America’s working poor is growing and growing as the middle class has shrunk. Many workers are forced to take multiple jobs or make incredible sacrifices to make ends meet. The average Chartwells’ worker at UM makes less than $20,000 a year and often must rely on assistance programs to pay their mortgages, get health care, or eat.

If you thought that poverty in America was on the downturn, recent policy alternatives may make it worse.
The decline in unionization has cost millions of workers decent jobs, and the advent of Right to Work (for less) in states like Indiana (and already in Florida) will union and non-union workers alike.

The sequester has laid off millions of workers and hurt many more. Republican cuts to the social safety net have only worsened poverty.

A failure to pass a suitable immigration bill will jeopardize the prosperity of millions of Americans already here and allow owners the leverage to pay their legal workers less.

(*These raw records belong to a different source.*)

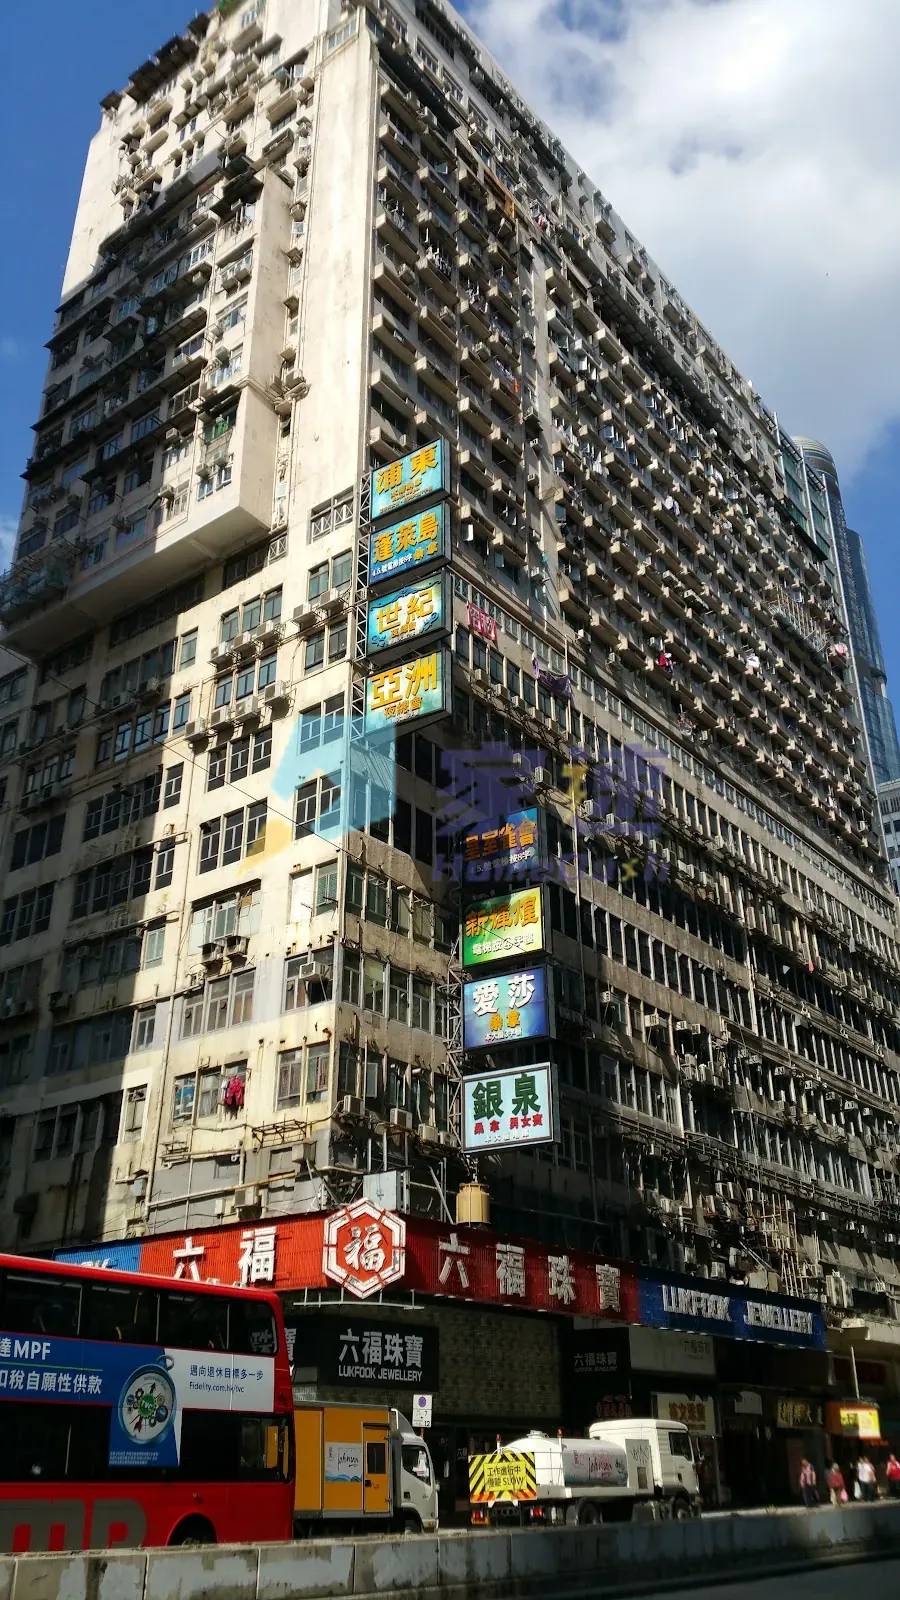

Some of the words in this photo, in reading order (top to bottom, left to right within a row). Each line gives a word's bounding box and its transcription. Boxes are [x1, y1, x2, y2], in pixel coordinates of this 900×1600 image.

[375, 444, 439, 494] 浦東
[373, 513, 439, 563] 蓬萊島
[376, 588, 434, 634] 世紀
[371, 653, 438, 710] 亞洲
[384, 697, 422, 718] 夜總會
[465, 896, 539, 938] 新輝煌
[473, 974, 535, 1017] 愛莎
[472, 1073, 541, 1121] 銀泉
[172, 1226, 277, 1287] 六福
[343, 1222, 387, 1273] 福
[438, 1233, 621, 1312] 六福珠寶
[662, 1285, 731, 1322] LUKFOOK
[743, 1300, 814, 1335] JEWELLERY
[338, 1328, 424, 1368] 六福珠寶
[574, 1351, 618, 1366] 六福珠寶
[189, 1364, 264, 1381] 邁向退休目標多一步
[338, 1365, 376, 1379] LUKFOOK
[378, 1368, 423, 1382] JEWELLERY
[502, 1475, 524, 1486] SLOW

Unless Congress acts, the student loan interest rate will double to 6.8%, with student debt already surpassing $1 billion and difficult to remove even post-bankruptcy. (Our banks receive preferred rates of less than 1% from the Fed).
However, the biggest test to controlling poverty over the next generation is securing our entitlement programs. Republican ideas to reform our entitlement programs enrich the wealthy while damning the poor. Social Security has been the single-biggest anti-poverty measure undertaken, and have reduced poverty among our seniors by a wide margin. Medicare is effective, popular, and essential for our seniors’ health care needs. Finally, Medicaid provides vital health care to low income Americans. The refusal to take up Medicaid expansion paid for by the Affordable Care Act is a massive failure on the part of the Florida House and cuts millions off from health care coverage they need. Reducing entitlement benefits will only shrink the middle class and make the poor poorer.

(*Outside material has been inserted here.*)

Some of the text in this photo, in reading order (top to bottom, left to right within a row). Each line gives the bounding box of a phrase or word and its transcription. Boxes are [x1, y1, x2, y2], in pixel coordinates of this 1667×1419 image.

We haven’t had a targeted approach to reducing poverty since Lyndon B. Johnson’s Great Society. Wall Street has recovered from the recession. The majority of Americans haven’t. Income inequality is at an all-time high, with record CEO compensation and giveaways to agribusiness and Big Oil. It’s time to address the problem that nobody really wants to talk about.  We need to make sure that our fellow Americans can lead dignified and prosperous lives. We have the both the means and moral responsibility to do so.